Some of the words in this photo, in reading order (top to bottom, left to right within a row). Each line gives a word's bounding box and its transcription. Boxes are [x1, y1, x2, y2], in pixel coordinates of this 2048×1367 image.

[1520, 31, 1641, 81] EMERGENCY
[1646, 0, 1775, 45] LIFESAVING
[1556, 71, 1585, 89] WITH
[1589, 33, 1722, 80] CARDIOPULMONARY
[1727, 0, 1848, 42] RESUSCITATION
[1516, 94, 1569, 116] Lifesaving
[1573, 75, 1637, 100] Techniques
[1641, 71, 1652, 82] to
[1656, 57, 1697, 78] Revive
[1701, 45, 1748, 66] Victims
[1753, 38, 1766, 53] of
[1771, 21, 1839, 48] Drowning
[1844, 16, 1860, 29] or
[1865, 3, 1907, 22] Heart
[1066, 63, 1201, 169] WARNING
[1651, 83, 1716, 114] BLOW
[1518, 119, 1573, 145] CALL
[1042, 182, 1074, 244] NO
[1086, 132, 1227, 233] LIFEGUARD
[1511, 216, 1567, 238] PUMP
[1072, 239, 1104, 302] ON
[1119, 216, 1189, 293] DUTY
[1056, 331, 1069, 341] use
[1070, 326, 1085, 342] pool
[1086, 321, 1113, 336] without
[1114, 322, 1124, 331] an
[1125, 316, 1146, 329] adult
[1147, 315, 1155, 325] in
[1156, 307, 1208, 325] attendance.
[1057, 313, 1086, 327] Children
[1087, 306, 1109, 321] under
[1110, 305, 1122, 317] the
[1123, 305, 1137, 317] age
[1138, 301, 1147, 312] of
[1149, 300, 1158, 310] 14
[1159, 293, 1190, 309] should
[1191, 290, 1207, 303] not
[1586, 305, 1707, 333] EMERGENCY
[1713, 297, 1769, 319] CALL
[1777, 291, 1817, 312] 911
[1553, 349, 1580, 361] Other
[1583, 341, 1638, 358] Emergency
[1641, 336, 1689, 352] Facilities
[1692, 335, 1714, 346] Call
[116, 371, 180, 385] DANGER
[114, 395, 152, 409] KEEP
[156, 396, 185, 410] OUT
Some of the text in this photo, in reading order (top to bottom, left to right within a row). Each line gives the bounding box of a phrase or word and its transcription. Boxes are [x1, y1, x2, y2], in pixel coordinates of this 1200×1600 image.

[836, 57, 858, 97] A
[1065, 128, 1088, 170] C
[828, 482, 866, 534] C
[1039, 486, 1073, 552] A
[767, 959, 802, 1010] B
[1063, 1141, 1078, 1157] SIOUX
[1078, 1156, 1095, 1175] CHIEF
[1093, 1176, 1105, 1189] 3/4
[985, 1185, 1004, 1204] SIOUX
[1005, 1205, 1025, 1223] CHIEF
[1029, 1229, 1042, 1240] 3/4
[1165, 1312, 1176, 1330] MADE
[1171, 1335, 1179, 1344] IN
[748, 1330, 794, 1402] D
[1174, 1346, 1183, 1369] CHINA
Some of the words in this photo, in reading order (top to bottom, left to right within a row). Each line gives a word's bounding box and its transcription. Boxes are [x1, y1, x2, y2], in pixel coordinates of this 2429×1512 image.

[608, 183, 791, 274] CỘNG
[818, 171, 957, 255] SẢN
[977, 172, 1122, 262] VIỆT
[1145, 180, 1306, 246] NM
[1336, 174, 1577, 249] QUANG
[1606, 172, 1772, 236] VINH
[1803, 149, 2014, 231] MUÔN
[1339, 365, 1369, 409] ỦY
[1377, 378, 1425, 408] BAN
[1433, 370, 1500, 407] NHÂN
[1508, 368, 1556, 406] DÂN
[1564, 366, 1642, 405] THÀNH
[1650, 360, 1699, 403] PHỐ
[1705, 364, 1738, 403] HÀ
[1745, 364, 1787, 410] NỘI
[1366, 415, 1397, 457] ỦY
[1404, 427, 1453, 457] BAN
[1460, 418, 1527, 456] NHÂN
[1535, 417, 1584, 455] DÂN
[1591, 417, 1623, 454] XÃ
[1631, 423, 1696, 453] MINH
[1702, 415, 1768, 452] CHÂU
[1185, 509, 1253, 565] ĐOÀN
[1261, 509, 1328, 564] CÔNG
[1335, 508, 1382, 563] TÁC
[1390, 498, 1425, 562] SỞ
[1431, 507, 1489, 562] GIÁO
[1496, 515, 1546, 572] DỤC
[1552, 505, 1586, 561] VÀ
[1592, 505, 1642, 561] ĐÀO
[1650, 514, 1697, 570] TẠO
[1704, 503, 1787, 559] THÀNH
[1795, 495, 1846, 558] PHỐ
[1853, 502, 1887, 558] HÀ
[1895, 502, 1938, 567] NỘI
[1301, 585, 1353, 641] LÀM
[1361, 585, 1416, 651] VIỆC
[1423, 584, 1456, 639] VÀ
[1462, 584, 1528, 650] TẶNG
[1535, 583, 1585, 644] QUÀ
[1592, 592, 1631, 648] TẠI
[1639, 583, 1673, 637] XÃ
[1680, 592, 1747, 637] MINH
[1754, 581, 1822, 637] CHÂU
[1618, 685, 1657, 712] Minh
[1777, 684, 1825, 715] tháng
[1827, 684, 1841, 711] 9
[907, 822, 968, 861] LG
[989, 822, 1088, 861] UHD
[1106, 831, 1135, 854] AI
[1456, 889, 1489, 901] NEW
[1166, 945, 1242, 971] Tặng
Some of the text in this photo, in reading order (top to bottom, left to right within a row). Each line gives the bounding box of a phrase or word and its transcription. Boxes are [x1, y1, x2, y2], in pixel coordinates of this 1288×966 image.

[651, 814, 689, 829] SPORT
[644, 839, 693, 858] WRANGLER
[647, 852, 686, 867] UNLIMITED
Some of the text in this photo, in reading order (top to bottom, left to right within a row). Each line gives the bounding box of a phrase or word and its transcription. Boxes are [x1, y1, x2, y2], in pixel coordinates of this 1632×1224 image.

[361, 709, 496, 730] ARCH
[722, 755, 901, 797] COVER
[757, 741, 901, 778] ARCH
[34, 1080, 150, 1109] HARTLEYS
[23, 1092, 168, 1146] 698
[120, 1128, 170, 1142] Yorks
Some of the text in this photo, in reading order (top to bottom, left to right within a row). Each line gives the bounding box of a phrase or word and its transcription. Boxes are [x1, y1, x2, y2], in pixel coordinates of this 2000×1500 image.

* _EXERCISE DETAILS_
Return each line above exactly.

* _YOUR RESPONSE_
Some of the words in this photo, in reading order (top to bottom, left to right within a row). Each line gives a word's bounding box and its transcription. Boxes are [x1, y1, x2, y2], in pixel coordinates of this 2048×1367 image.

[1520, 31, 1641, 81] EMERGENCY
[1646, 0, 1775, 45] LIFESAVING
[1556, 71, 1585, 89] WITH
[1589, 33, 1722, 80] CARDIOPULMONARY
[1727, 0, 1848, 42] RESUSCITATION
[1516, 94, 1569, 116] Lifesaving
[1573, 75, 1637, 100] Techniques
[1641, 71, 1652, 82] to
[1656, 57, 1697, 78] Revive
[1701, 45, 1748, 66] Victims
[1753, 38, 1766, 53] of
[1771, 21, 1839, 48] Drowning
[1844, 16, 1860, 29] or
[1865, 3, 1907, 22] Heart
[1066, 63, 1201, 169] WARNING
[1651, 83, 1716, 114] BLOW
[1518, 119, 1573, 145] CALL
[1042, 182, 1074, 244] NO
[1086, 132, 1227, 233] LIFEGUARD
[1511, 216, 1567, 238] PUMP
[1072, 239, 1104, 302] ON
[1119, 216, 1189, 293] DUTY
[1056, 331, 1069, 341] use
[1070, 326, 1085, 342] pool
[1086, 321, 1113, 336] without
[1114, 322, 1124, 331] an
[1125, 316, 1146, 329] adult
[1147, 315, 1155, 325] in
[1156, 307, 1208, 325] attendance.
[1057, 313, 1086, 327] Children
[1087, 306, 1109, 321] under
[1110, 305, 1122, 317] the
[1123, 305, 1137, 317] age
[1138, 301, 1147, 312] of
[1149, 300, 1158, 310] 14
[1159, 293, 1190, 309] should
[1191, 290, 1207, 303] not
[1586, 305, 1707, 333] EMERGENCY
[1713, 297, 1769, 319] CALL
[1777, 291, 1817, 312] 911
[1553, 349, 1580, 361] Other
[1583, 341, 1638, 358] Emergency
[1641, 336, 1689, 352] Facilities
[1692, 335, 1714, 346] Call
[116, 371, 180, 385] DANGER
[114, 395, 152, 409] KEEP
[156, 396, 185, 410] OUT
Some of the text in this photo, in reading order (top to bottom, left to right within a row). Each line gives the bounding box of a phrase or word and its transcription. Boxes are [x1, y1, x2, y2], in pixel coordinates of this 1200×1600 image.

[836, 57, 858, 97] A
[1065, 128, 1088, 170] C
[828, 482, 866, 534] C
[1039, 486, 1073, 552] A
[767, 959, 802, 1010] B
[1063, 1141, 1078, 1157] SIOUX
[1078, 1156, 1095, 1175] CHIEF
[1093, 1176, 1105, 1189] 3/4
[985, 1185, 1004, 1204] SIOUX
[1005, 1205, 1025, 1223] CHIEF
[1029, 1229, 1042, 1240] 3/4
[1165, 1312, 1176, 1330] MADE
[1171, 1335, 1179, 1344] IN
[748, 1330, 794, 1402] D
[1174, 1346, 1183, 1369] CHINA
Some of the words in this photo, in reading order (top to bottom, left to right within a row). Each line gives a word's bounding box and its transcription. Boxes are [x1, y1, x2, y2], in pixel coordinates of this 2429×1512 image.

[608, 183, 791, 274] CỘNG
[818, 171, 957, 255] SẢN
[977, 172, 1122, 262] VIỆT
[1145, 180, 1306, 246] NM
[1336, 174, 1577, 249] QUANG
[1606, 172, 1772, 236] VINH
[1803, 149, 2014, 231] MUÔN
[1339, 365, 1369, 409] ỦY
[1377, 378, 1425, 408] BAN
[1433, 370, 1500, 407] NHÂN
[1508, 368, 1556, 406] DÂN
[1564, 366, 1642, 405] THÀNH
[1650, 360, 1699, 403] PHỐ
[1705, 364, 1738, 403] HÀ
[1745, 364, 1787, 410] NỘI
[1366, 415, 1397, 457] ỦY
[1404, 427, 1453, 457] BAN
[1460, 418, 1527, 456] NHÂN
[1535, 417, 1584, 455] DÂN
[1591, 417, 1623, 454] XÃ
[1631, 423, 1696, 453] MINH
[1702, 415, 1768, 452] CHÂU
[1185, 509, 1253, 565] ĐOÀN
[1261, 509, 1328, 564] CÔNG
[1335, 508, 1382, 563] TÁC
[1390, 498, 1425, 562] SỞ
[1431, 507, 1489, 562] GIÁO
[1496, 515, 1546, 572] DỤC
[1552, 505, 1586, 561] VÀ
[1592, 505, 1642, 561] ĐÀO
[1650, 514, 1697, 570] TẠO
[1704, 503, 1787, 559] THÀNH
[1795, 495, 1846, 558] PHỐ
[1853, 502, 1887, 558] HÀ
[1895, 502, 1938, 567] NỘI
[1301, 585, 1353, 641] LÀM
[1361, 585, 1416, 651] VIỆC
[1423, 584, 1456, 639] VÀ
[1462, 584, 1528, 650] TẶNG
[1535, 583, 1585, 644] QUÀ
[1592, 592, 1631, 648] TẠI
[1639, 583, 1673, 637] XÃ
[1680, 592, 1747, 637] MINH
[1754, 581, 1822, 637] CHÂU
[1618, 685, 1657, 712] Minh
[1777, 684, 1825, 715] tháng
[1827, 684, 1841, 711] 9
[907, 822, 968, 861] LG
[989, 822, 1088, 861] UHD
[1106, 831, 1135, 854] AI
[1456, 889, 1489, 901] NEW
[1166, 945, 1242, 971] Tặng
Some of the text in this photo, in reading order (top to bottom, left to right within a row). Each line gives the bounding box of a phrase or word and its transcription. Boxes are [x1, y1, x2, y2], in pixel coordinates of this 1288×966 image.

[651, 814, 689, 829] SPORT
[644, 839, 693, 858] WRANGLER
[647, 852, 686, 867] UNLIMITED
Some of the text in this photo, in reading order (top to bottom, left to right within a row). Each line gives the bounding box of a phrase or word and its transcription. Boxes are [x1, y1, x2, y2], in pixel coordinates of this 1632×1224 image.

[361, 709, 496, 730] ARCH
[722, 755, 901, 797] COVER
[757, 741, 901, 778] ARCH
[34, 1080, 150, 1109] HARTLEYS
[23, 1092, 168, 1146] 698
[120, 1128, 170, 1142] Yorks
Some of the text in this photo, in reading order (top to bottom, left to right within a row). Each line gives the bounding box of a phrase or word and its transcription. Boxes are [x1, y1, x2, y2], in pixel coordinates of this 2000×1500 image.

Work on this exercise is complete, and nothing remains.